Und schon wieder ist es passiert. Einerseits das mit einem Grünen Regierungsrat namens Martin. Bloss, dass er gekommen ist um zu bleiben. Und andererseits haben SP, GLP, AL, EVP und Grüne gemeinsam eine dringliche Motion eingereicht, mit der der Stadtrat dazu verpflichtet wird, Zürich innert nützlicher Frist CO2-neutral zu machen. Dazu muss er eine Vorlage ausarbeiten, die sagt, bis wann und ungefähr wie, und diese muss in einer Abstimmung bestehen. Und wenn das passiert ist, dann geht’s los. Der Weg wird ein weiter sein, aber gemäss Volksmund beginnt jeder noch so lange Weg mit dem ersten Schritt. Und den haben wir nun gemacht.
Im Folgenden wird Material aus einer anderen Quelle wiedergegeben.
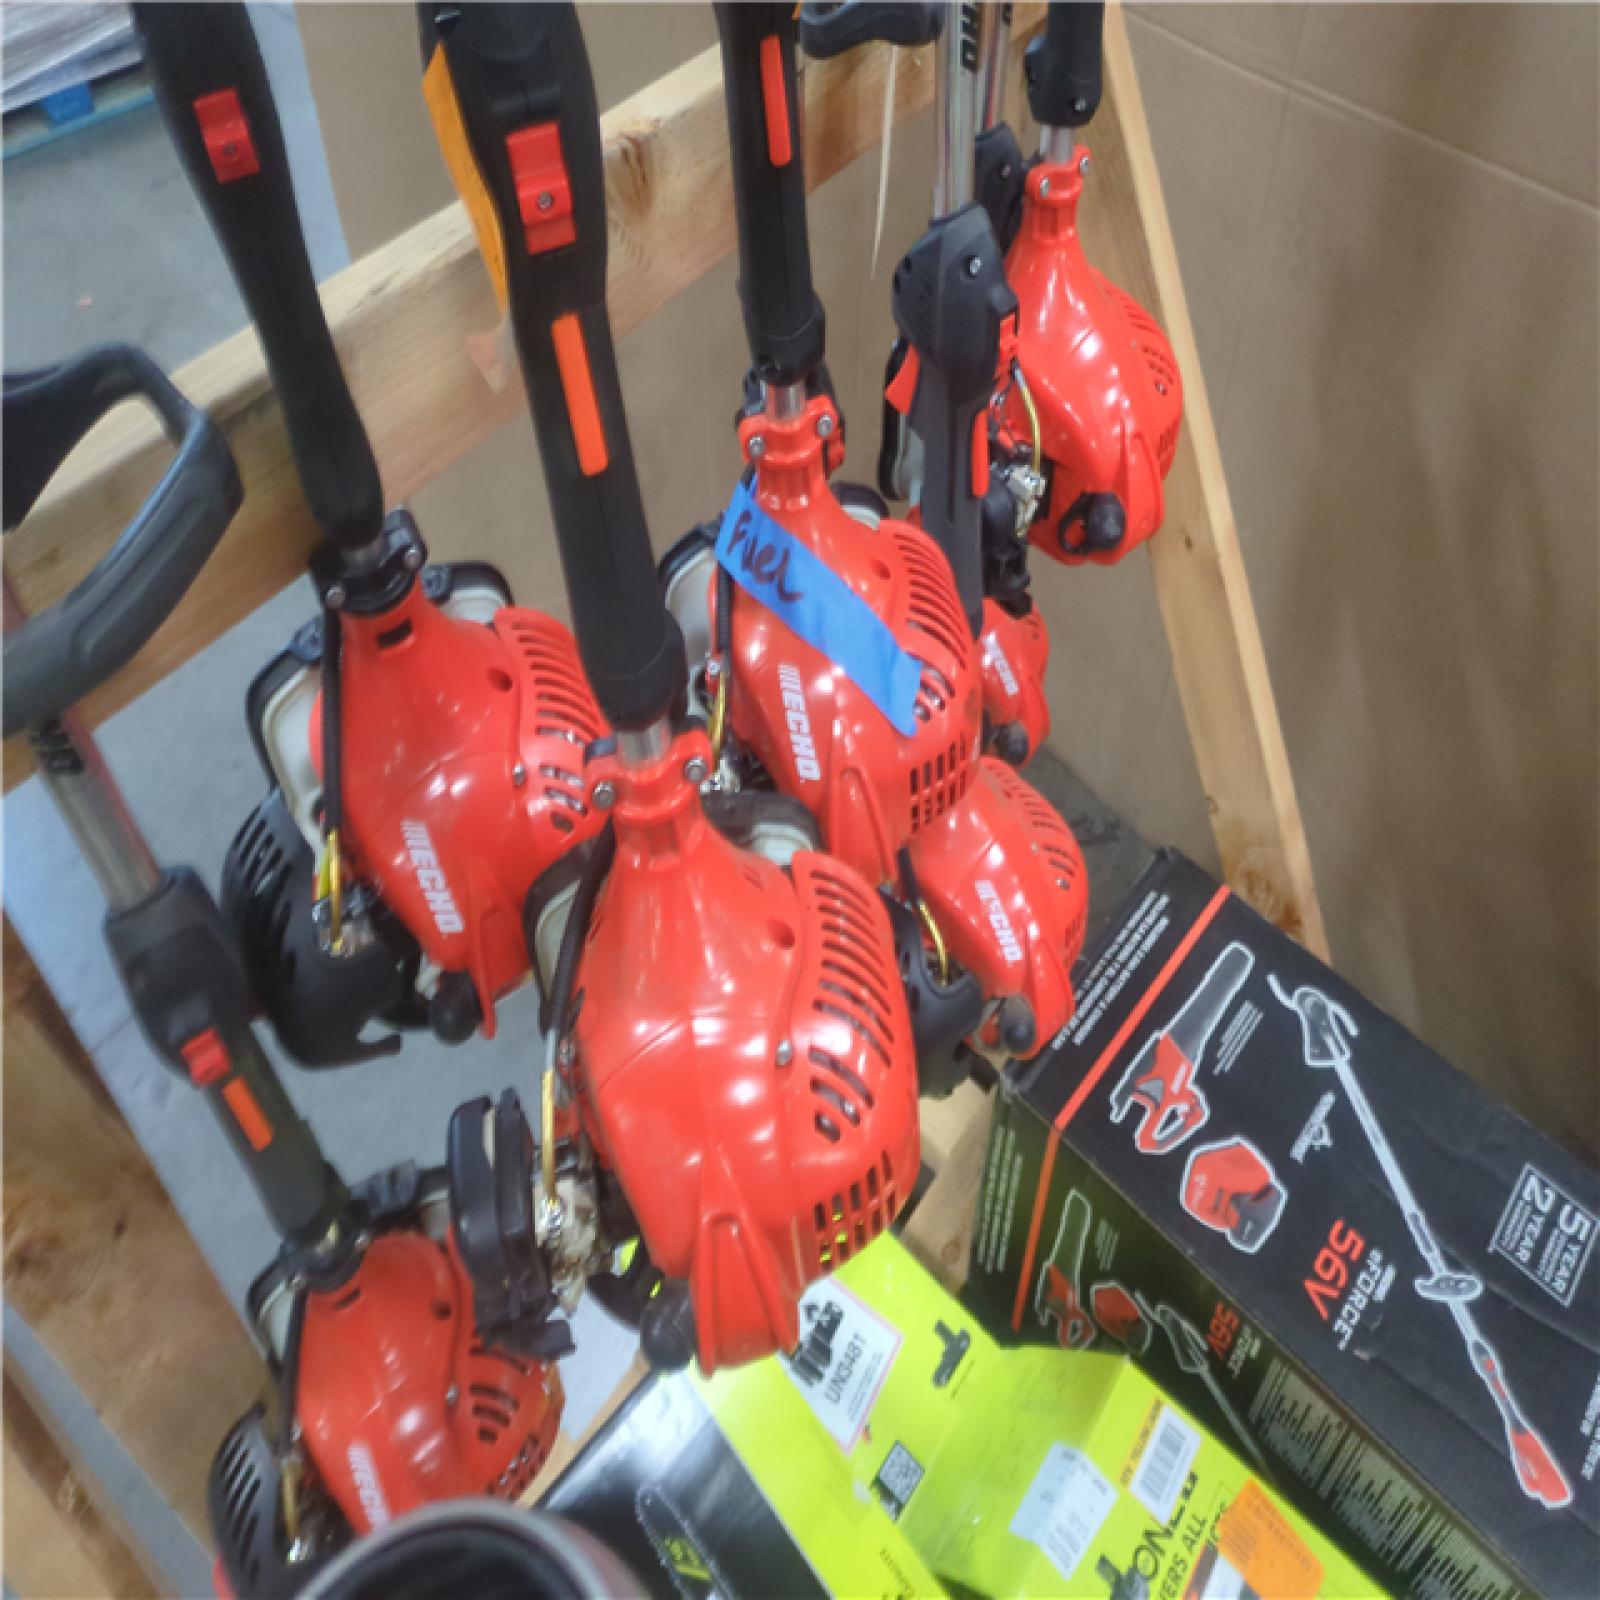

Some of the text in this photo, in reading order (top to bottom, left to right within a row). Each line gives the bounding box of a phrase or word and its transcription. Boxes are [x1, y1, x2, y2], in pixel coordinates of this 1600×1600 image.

Wie wir es machen? Ich hab da so meine Ideen, aber die interessieren hier kaum. Denn der Weg ist klar: Fossile Energien ersetzen, und zwar alle, siehe Gletscherinitiative, nur schneller. Womit auch klar ist, dass die Zukunft des motorisierten Individualverkehrs nicht im Fossilmotor liegt. Zweitens: Rigorose Kreislaufwirtschaft. Die Jungen Grünen sind dran mit ihrer Volksinitiative. Drittens: Konsumverhalten umkrempeln. Ich setze vorerst mal auf die Volksinitiative zur Abschaffung der Massentierhaltung. Viertens (und das hören nicht alle gern): Wir fordern ja auch in der Stadt Zürich weise nicht einfach nur den Ausstieg aus dem fossilen Zeitalter, sondern «Netto Null». Das berücksichtigt, dass man auch in Zukunft fossile Energieträger einsetzen wird – wohl nur schon in der Kunststoffindustrie –, die aber zu kompensieren sind. Das Zauberwort heisst: Senke. Teils Technokratie, wenn es darum geht, CO2 aus der Luft zu filtern, teils Biologie, etwa beim Aufforsten. Leider wird dazu die Stadt Zürich nicht viel beitragen können, denn wir haben weder Platz für mehr Wald noch für mehr Humusflächen, beides excellente CO2-Senken. Aber wir sind eine Stadt, und damit stellt sich die Frage nach der Kompensation fuori le mura. Heikel.
Ich werde dieser Tage oft gefragt: Bedeutet das Verzicht? − Nun, ich ziehe dann jeweils die Riemchen meiner Sandalen stramm, zupfe meinen selbstgestrickten Wullipulli zurecht und hoffe, man rieche es nicht, wenn mein Atem beim Antworten verrät, dass ich seit 10 Jahren dieselbe Zahnbürste benutze, und ich sage dann: Kommt ganz auf dich an! Wenn wir, nach Abschaffung der Massentierhaltung, nur noch 10 Prozent so viel Fleisch zur Verfügung haben, ist das für alle VegetarierInnen kein Verzicht, für die Fleischfresser schon. Wenn das Fliegen 100mal mehr kostet als heute und man sich echt was überlegen muss bei der Ferienwahl, dann ist das für mich kein Verzicht, für andere schon. Und wenn ich dafür kostenmässig gradestehen muss, dass ich pro Jahr 250 Kilo Nahrungsmittel waste, dann… ich sehe, Sie haben es begriffen. − Verzicht ist eine ideologische Kampfparole der Verschwender. Verzicht ist subjektiv, also wertend, also nur gerade tauglich für die rhetorische Schlacht, die sich darum drückt, vernunftbasiert die Frage zu beantworten, was wir wirklich brauchen. Und nicht, was wir auch noch kaufen und fortwerfen könnten. Von daher bin ich gelassen. Das Leben mit «Netto Null» wird ein anderes sein, aber es wird genauso fein wie heute sein. Denn, es gilt immer noch: TINA. There Is No Alternative. Weil, Netto Null gibt es nur auf genau zwei Arten: by design or by desaster.
Und so haben wir ihn also gemacht, den ersten Schritt. Ich bin sehr erleichtert. Ich bin ungeheuer gespannt. Ich schreibe dies am ersten Geburtstag meiner Enkelin, und ich freue mich jetzt schon auf ihren achtzehnten. Dann werde ich ihr erzählen, wie wir das Desaster gerade noch knapp vermieden haben.